Referring expression grounding data
++++++
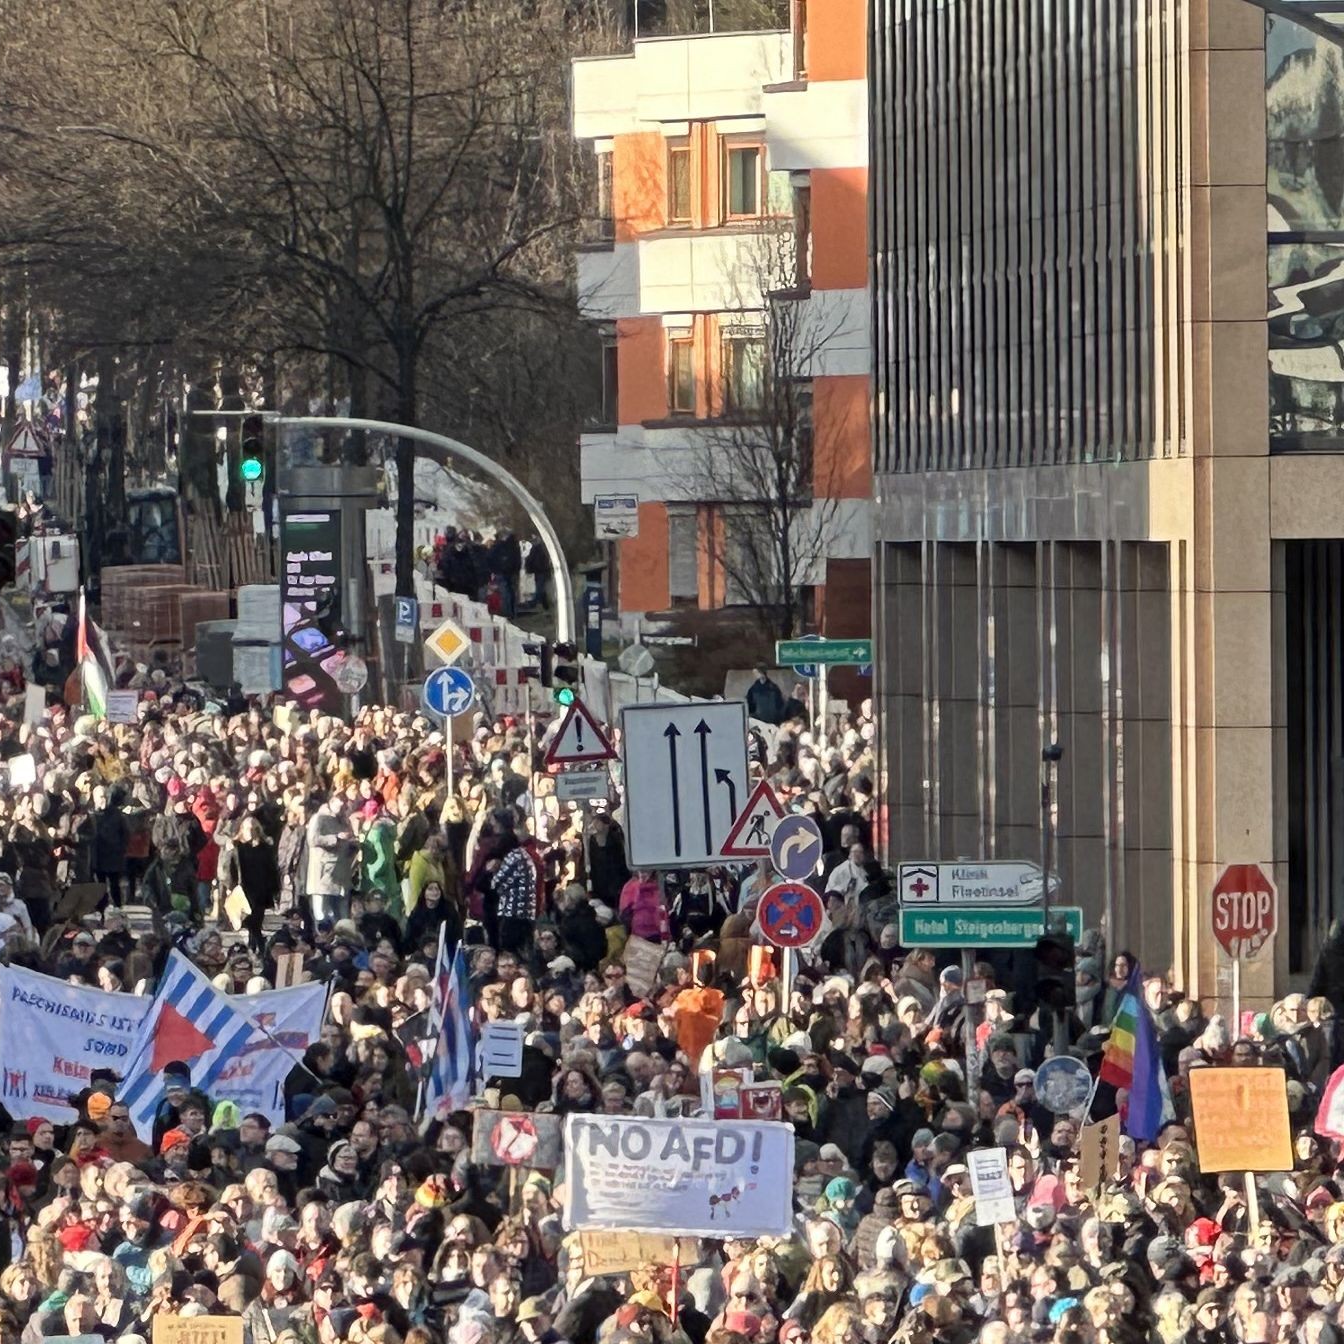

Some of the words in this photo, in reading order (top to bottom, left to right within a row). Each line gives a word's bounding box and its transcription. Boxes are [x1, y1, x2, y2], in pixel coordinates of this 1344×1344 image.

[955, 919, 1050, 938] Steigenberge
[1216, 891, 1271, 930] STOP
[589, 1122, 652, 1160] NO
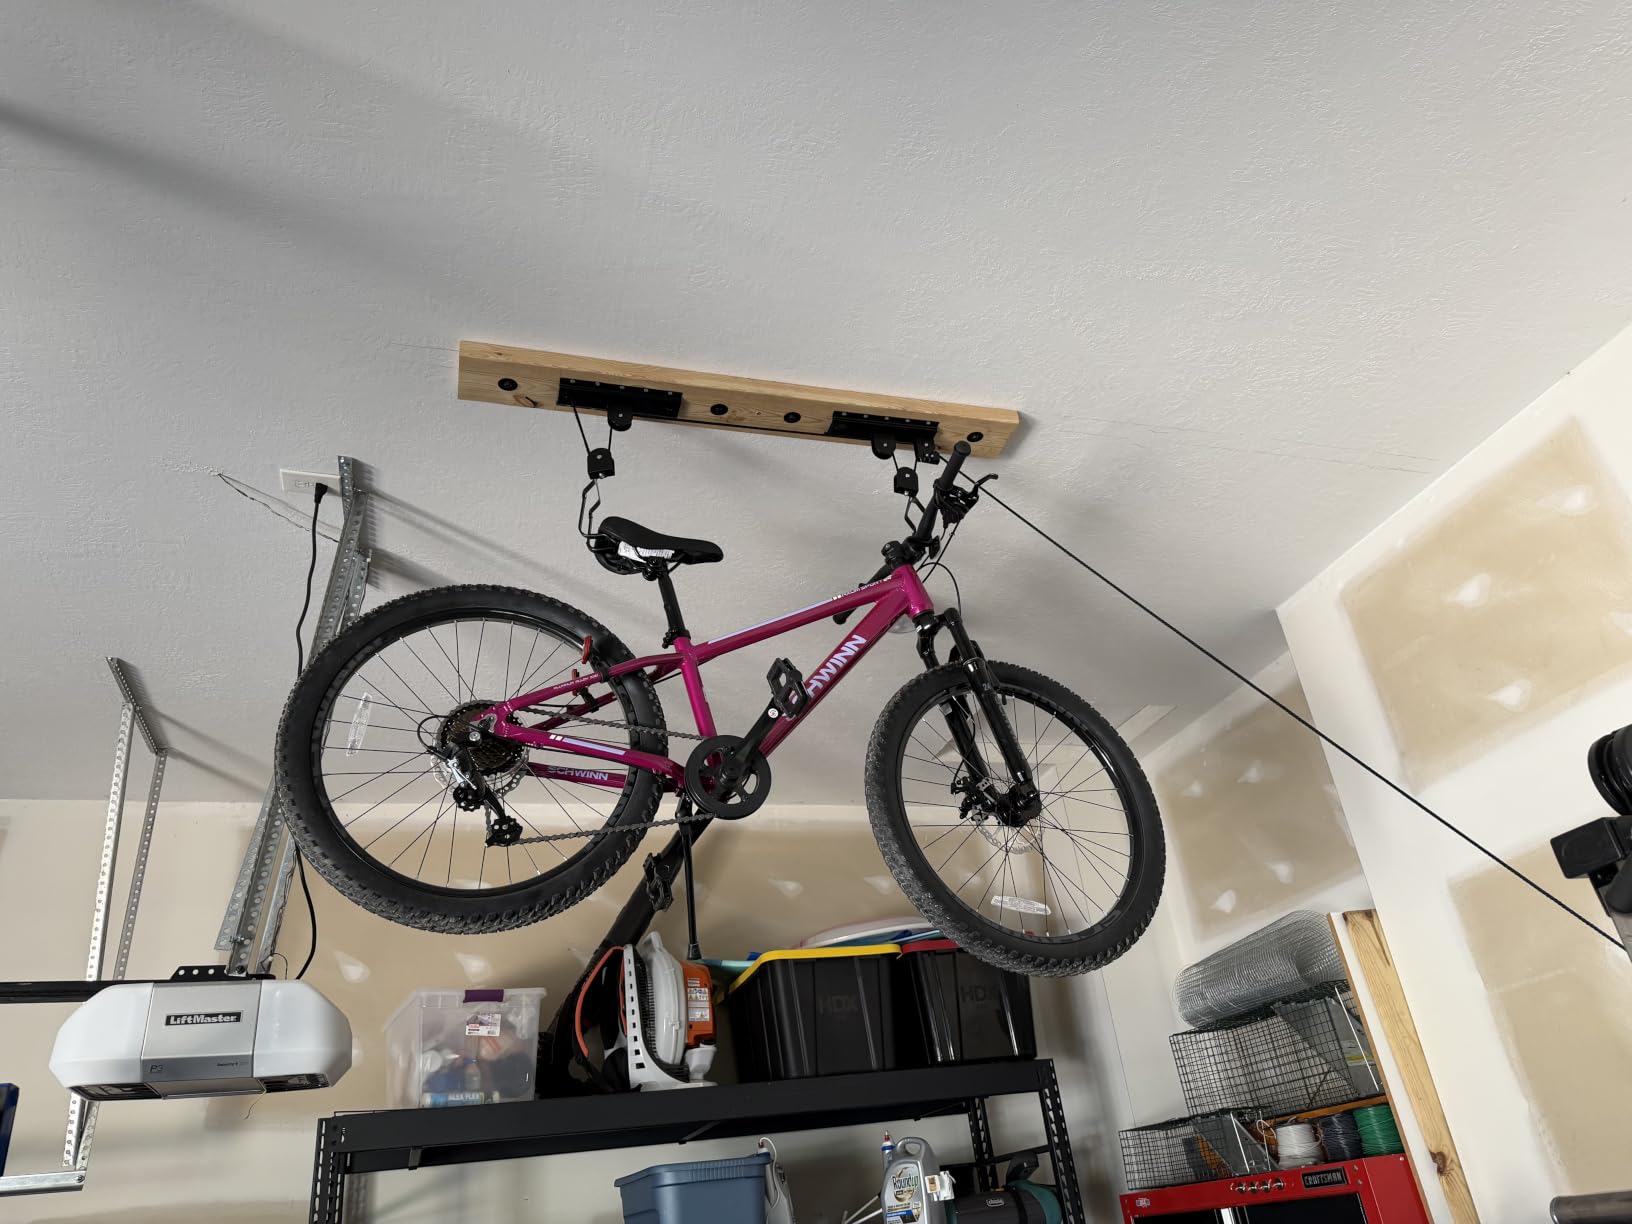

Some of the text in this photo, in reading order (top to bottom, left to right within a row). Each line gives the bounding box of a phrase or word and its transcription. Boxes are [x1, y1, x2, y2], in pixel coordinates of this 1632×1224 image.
++++++
* _Task requirements_
Your answer should be an exact copy of the records above, with no pictures in it.

* _Answer to this problem_
Some of the words in this photo, in reading order (top to bottom, left to right within a row). Each line gives a word's bounding box and its transcription. Boxes are [x1, y1, x2, y2], in pixel coordinates of this 1344×1344 image.

[955, 919, 1050, 938] Steigenberge
[1216, 891, 1271, 930] STOP
[589, 1122, 652, 1160] NO

Some of the text in this photo, in reading order (top to bottom, left to right within a row). Each line gives the bounding box of a phrase or word and its transcription. Boxes are [x1, y1, x2, y2], in pixel coordinates of this 1632×1224 image.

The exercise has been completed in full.